The Prime Minister will today brief her cabinet ahead of her "make or break" Brexit set-piece speech in Florence tomorrow (22 September) - as one political expert played down expectations of what May might promise.
Theresa May's address comes at a time where divisions in Westminster and at the negotiating table in Brussels have reached a crescendo.
It comes after the Foreign Secretary Boris Johnson penned a 4,000 word article about the future of Brexit last week, in what was perceived as a way of undermining the prime minister.
Johnson was forced to deny reports that he was planning on resigning and instead described the government as a "nest of singing birds".
Both he and the prime minister flew back to London from the UN General Assembly in New York overnight on Wednesday (20 September) ahead of a crunch cabinet meeting.
The meeting with her ministers and the speech in Italy will be watched closely, not only by her European counterparts but also those in the halls of Westminster too.
Ahead of the speech, much of the talk has been about the details over how much Britain will pay the EU during a transitional period and the subsequent exit as part of the 'divorce bill.' The prime minister is in the difficult position of needing to keep her cabinet colleagues onboard in order to remain as prime minister - as well as pushing on with the Brexit negotiations.
Professor Tim Bale, who teaches politics at London's Queen Mary University, told IBTimes UK that if Florence was a "make or break moment, it isn't the first and it won't be the last."
The problem that May faces is that momentum seems to swing in various directions from week to week as Professor Bale explained: "[The Florence speech] is less of an event and more of a process - one in which the advantage and the initiative seems to swing bewilderingly, wildly and often randomly between different members and factions of a hopelessly divided Cabinet.

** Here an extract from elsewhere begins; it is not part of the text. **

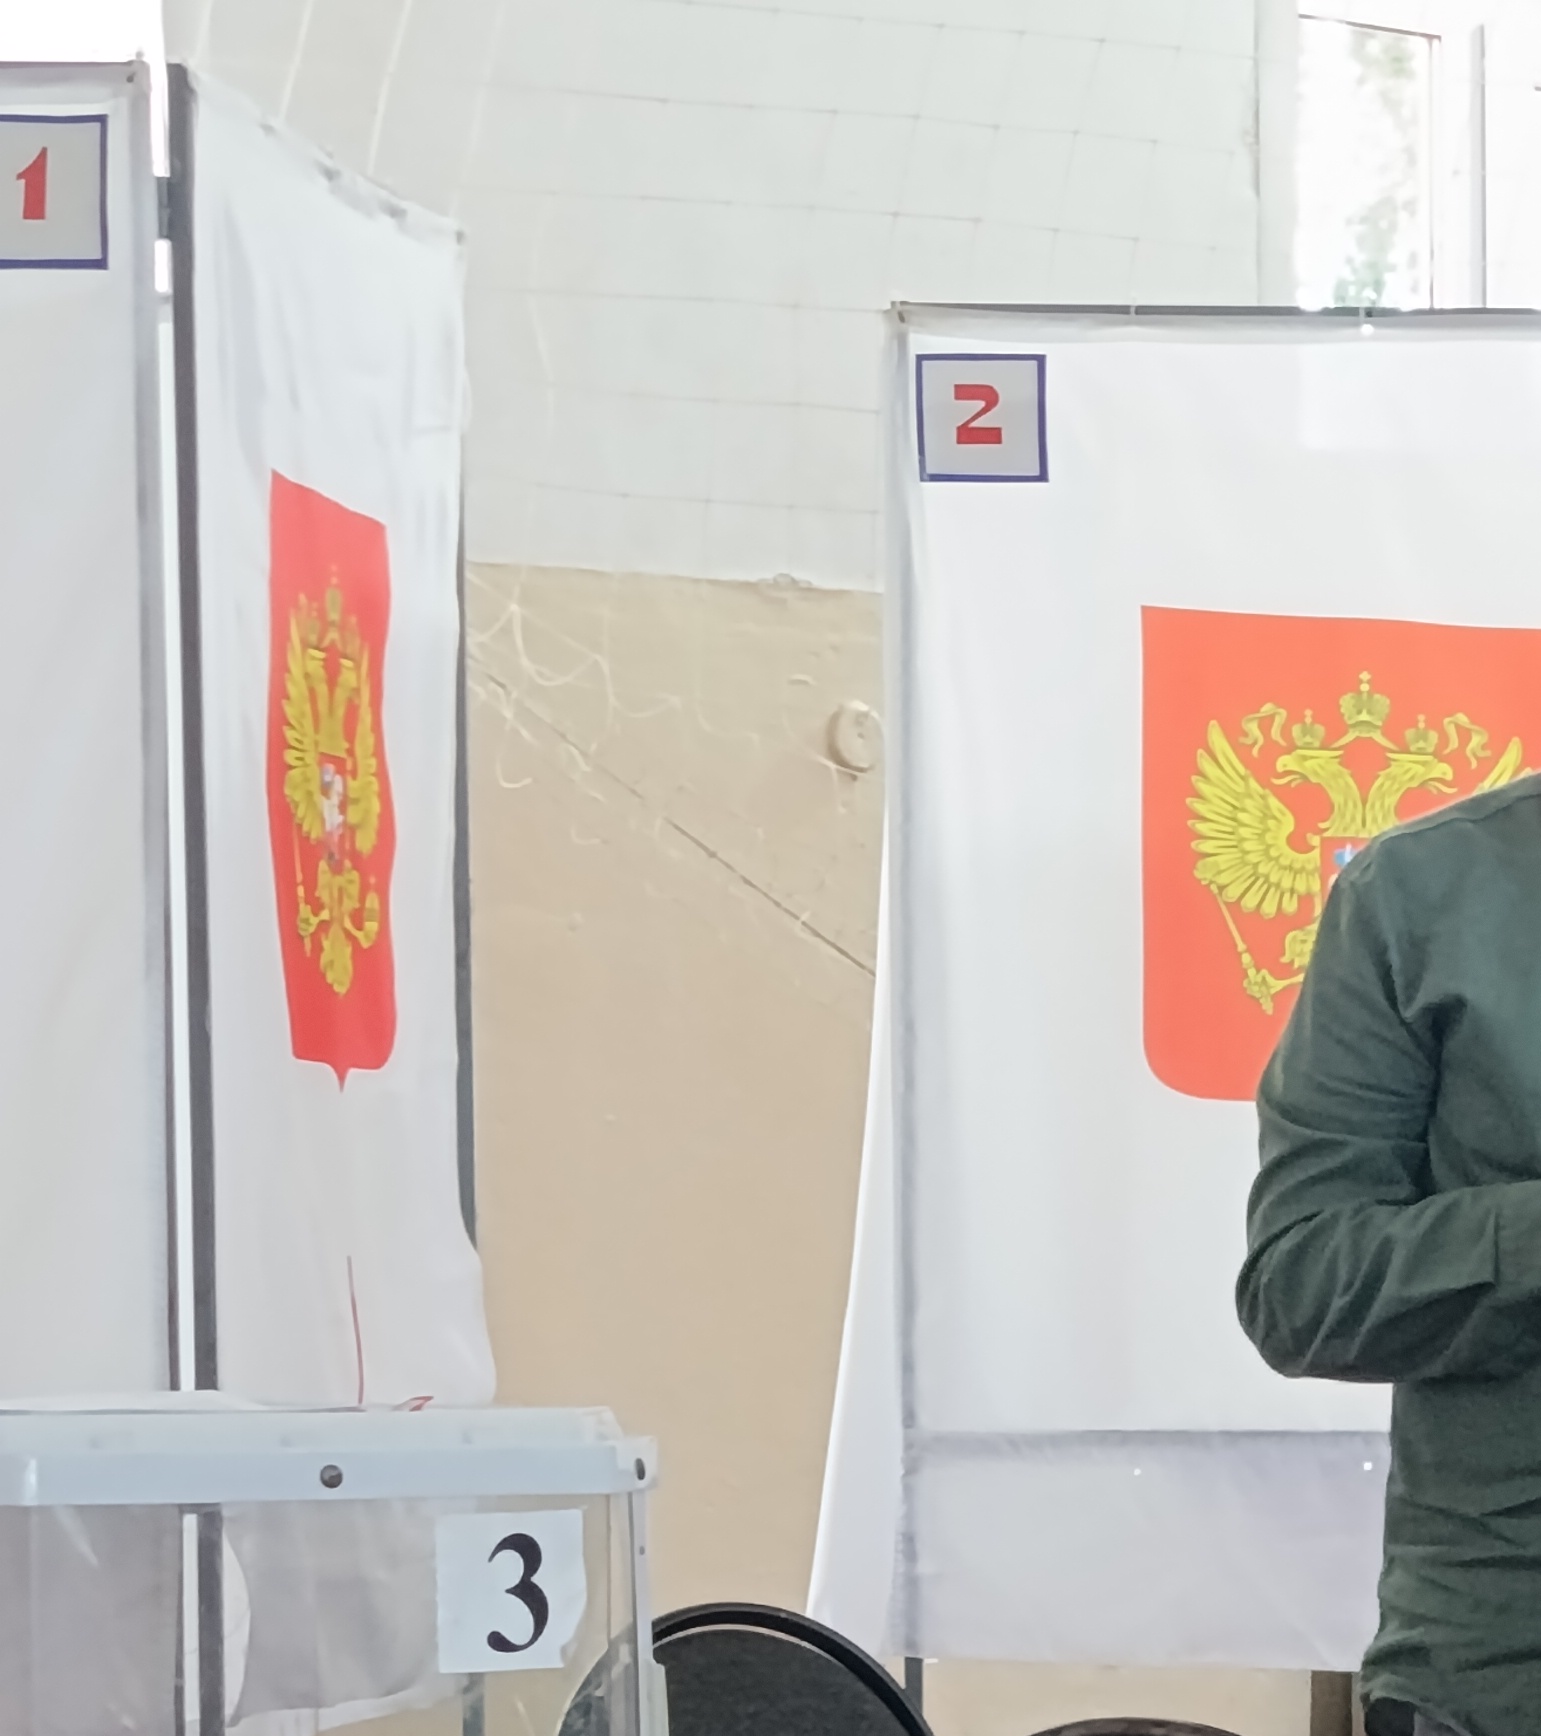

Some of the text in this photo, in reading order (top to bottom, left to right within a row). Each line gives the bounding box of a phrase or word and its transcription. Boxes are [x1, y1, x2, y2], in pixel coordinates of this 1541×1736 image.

Even if Mrs May climbs off the fence today she'll be climbing back on it soon enough."
What currently remains unclear is what the prime minister may or may not announce in Florence.
There are reports that she may confirm the intention to pay £20bn to cover gaps in the European budget up to 2020. Downing Street simply dismissed this as "speculation."
Theresa May has been known for her speeches that reveal very little, but also those which have startled their audiences.
Professor Bale said that "it was she who warned the Tories about being seen as the nasty party back in the early noughties and she took on the vested interest that is the police federation when Home Secretary. But these are the exceptions that prove the rule."
Expectations are high, but it could be that the prime minister reveals very little in what are uncertain times. Prof Bale added that the "betting would be that she doesn't make the big offer that everyone thought might be on the cards, but don't rule it out completely".
When Parliament entered the summer recess, the Conservatives were bitterly divided, shellshocked after losing their majority in the House of Commons, the future of Theresa May and the best way to tackle Brexit.
The summer was a chance to have a break, take scope, and regroup, this has proved to be anything but the case. On this case, Professor Bale said that "the summer, it turns out, was just a lull in the in-fighting."